It’s no secret that in the past year, drug makers and distributors have come under heavy attack by the Washington Post, New York Times, CBS’s 60 Minutes, and other media outlets detailing the extent of our nation’s opioid addiction crisis.
More than 400 lawsuits have been filed against various players in the drug supply chain, with litigants hoping to recover the high costs of treating and dealing with the epidemic. Judge Dan Polster of the Northern District of Ohio is trying to resolve the more than 400 federal lawsuits brought by cities, counties and Native American tribes. A lot of money is at stake.
On February 6, 2018, the Healthcare Distribution Alliance (HDA) announced the formation of a collaborative effort between supply chain partners, healthcare, and public health organizations to combat the opioid problem.
In addition to HDA, which provided the initial funding, other members include the Caregiver Action Network (CAN), Mental Health America (MHA), National Alliance of State Pharmacy Associations (NASPA), National Council on Patient Information and Education (NCPIE) and the PA Foundation.

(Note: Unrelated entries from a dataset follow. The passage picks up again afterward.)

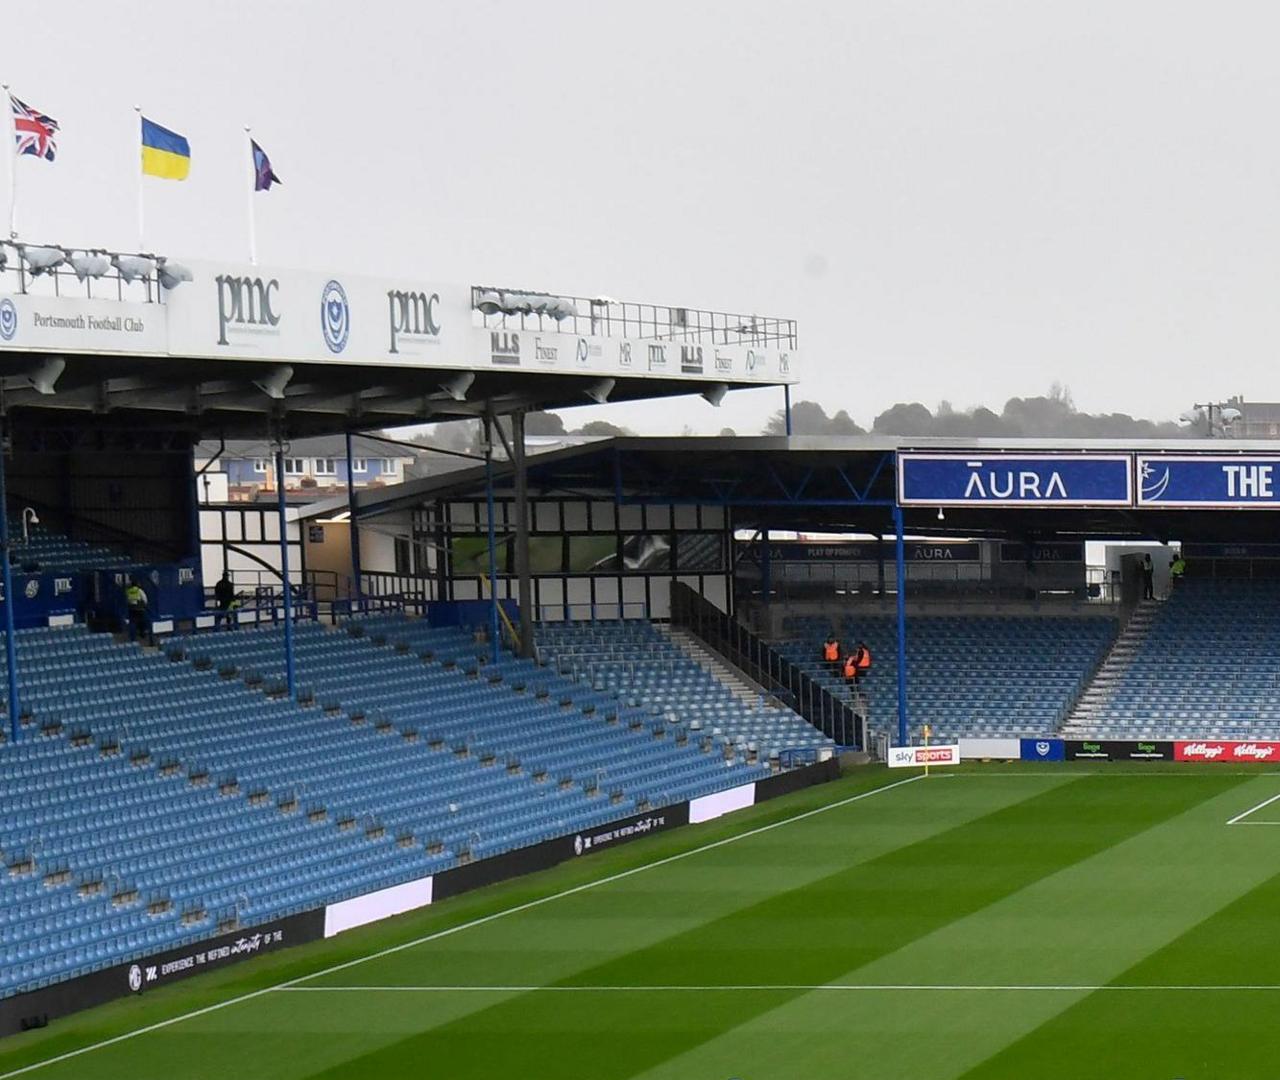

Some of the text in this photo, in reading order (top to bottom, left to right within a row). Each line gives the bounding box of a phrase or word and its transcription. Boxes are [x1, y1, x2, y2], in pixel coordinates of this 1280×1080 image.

[34, 312, 144, 332] Portsmouth Football Club
[215, 275, 281, 345] pmc
[386, 290, 441, 354] pmc
[1222, 465, 1273, 497] THE
[896, 748, 952, 763] sky sports
[162, 957, 195, 975] EXPERIENCE
[196, 954, 206, 965] THE
[207, 946, 230, 961] REFINED
[273, 930, 283, 942] THE

“AAOA has put tools and resources in place to help address the opioid abuse crisis by encouraging safe use, storage and disposal among patients and their families. Additionally, AAOA will convene discussions with community partners to create awareness, share information, foster new approaches and ultimately reduce prescription opioid abuse and misuse,” said HDA in a press release.

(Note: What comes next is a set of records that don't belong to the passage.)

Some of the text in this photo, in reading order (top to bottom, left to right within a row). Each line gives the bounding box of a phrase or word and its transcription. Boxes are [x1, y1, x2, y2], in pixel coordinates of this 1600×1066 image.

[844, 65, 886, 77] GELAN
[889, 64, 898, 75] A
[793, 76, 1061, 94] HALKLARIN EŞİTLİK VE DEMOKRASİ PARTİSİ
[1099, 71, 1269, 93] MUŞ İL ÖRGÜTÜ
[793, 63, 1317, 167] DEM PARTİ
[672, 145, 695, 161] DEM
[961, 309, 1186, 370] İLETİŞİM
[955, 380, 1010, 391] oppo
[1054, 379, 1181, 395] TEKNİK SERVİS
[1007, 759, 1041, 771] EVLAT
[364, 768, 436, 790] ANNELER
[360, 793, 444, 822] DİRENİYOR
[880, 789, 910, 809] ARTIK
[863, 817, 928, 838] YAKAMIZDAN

“It starts with education,” said John M. Gray, President and CEO, HDA. “By combining our voices and leveraging our networks, together we can help reduce the misuse, overuse and abuse of prescription opioids.

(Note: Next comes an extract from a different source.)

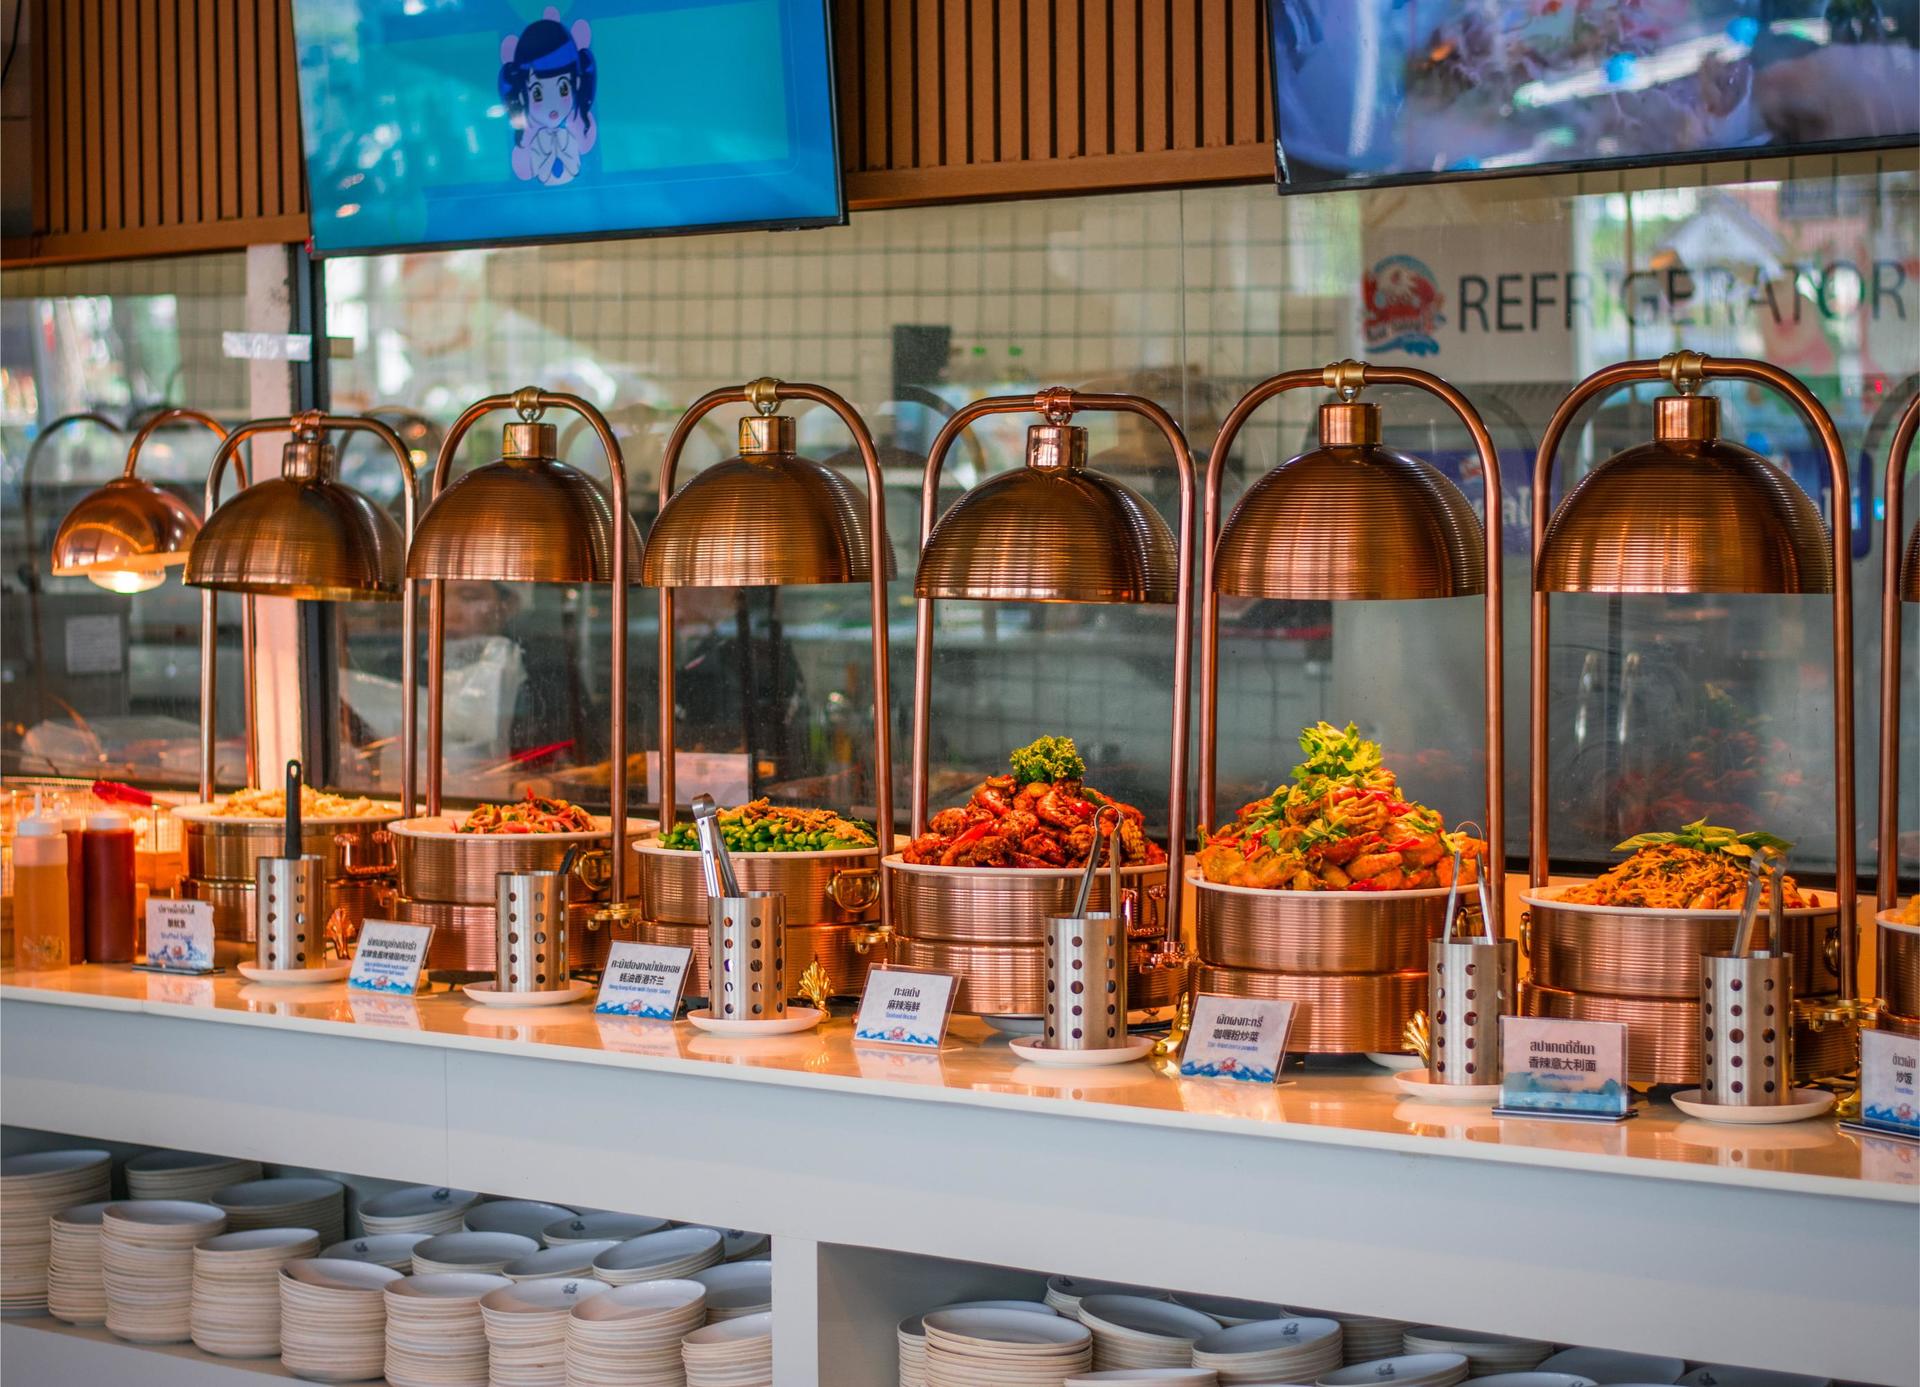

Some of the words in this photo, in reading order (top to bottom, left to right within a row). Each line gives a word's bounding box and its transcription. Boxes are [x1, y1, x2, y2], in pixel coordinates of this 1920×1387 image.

[886, 999, 921, 1012] 麻辣海鲜
[1528, 1056, 1597, 1072] 香辣意大利面

“Our industry recognizes there isn’t one simple solution that will address the opioid abuse epidemic. That is why we are bringing together a diverse set of partners that are strongly committed to educating, raising awareness and implementing solutions to ensure patients know how to safely and properly access, use and dispose opioids. Through AAOA, we will create and distribute educational materials that are tailored for each unique part of the healthcare community — from patients and caregivers, to pharmacists to prescribers.”
Post-surgical middle-age women are most vulnerable to opioid abuse
According to Doug Long, VP of Industry Relations for IQVIA, women ages 40-59 are prescribed more opioids than any other age group and receive twice the number of opioid prescription as their male counterpoints. Long shared these findings at the Healthcare Distribution Alliance (HDA) conference in Austin, TX March 4-7, 2018.
Surgery is the gateway for potential misuse of opioids. Colectomy (full or partial removal of the large intestine) and knee replacement surgery put patients most at risk for becoming persistent opioid users.
Gen X women (ages 35-44) undergoing knee replacement surgery had the highest rate of opioid use.
In addition, Long told the audience that highest rate of opioid prescriptions are concentrated in rural areas, primarily in the South.